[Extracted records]
◇ ◇ ◇ ◇

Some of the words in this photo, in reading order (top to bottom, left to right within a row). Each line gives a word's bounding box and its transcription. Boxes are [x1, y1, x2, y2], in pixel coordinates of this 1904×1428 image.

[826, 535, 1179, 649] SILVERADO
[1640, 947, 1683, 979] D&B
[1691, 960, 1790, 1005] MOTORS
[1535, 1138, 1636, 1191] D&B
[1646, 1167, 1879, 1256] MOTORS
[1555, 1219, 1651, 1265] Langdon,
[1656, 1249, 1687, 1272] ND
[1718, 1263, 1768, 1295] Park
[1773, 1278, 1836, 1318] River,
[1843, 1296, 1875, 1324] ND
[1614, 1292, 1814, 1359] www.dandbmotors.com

◇ ◇ ◇ ◇

(Problem requirements):
Write out all the entries once more, exactly.

(Answer to the exercise):
Some of the words in this photo, in reading order (top to bottom, left to right within a row). Each line gives a word's bounding box and its transcription. Boxes are [x1, y1, x2, y2], in pixel coordinates of this 1904×1428 image.

[826, 535, 1179, 649] SILVERADO
[1640, 947, 1683, 979] D&B
[1691, 960, 1790, 1005] MOTORS
[1535, 1138, 1636, 1191] D&B
[1646, 1167, 1879, 1256] MOTORS
[1555, 1219, 1651, 1265] Langdon,
[1656, 1249, 1687, 1272] ND
[1718, 1263, 1768, 1295] Park
[1773, 1278, 1836, 1318] River,
[1843, 1296, 1875, 1324] ND
[1614, 1292, 1814, 1359] www.dandbmotors.com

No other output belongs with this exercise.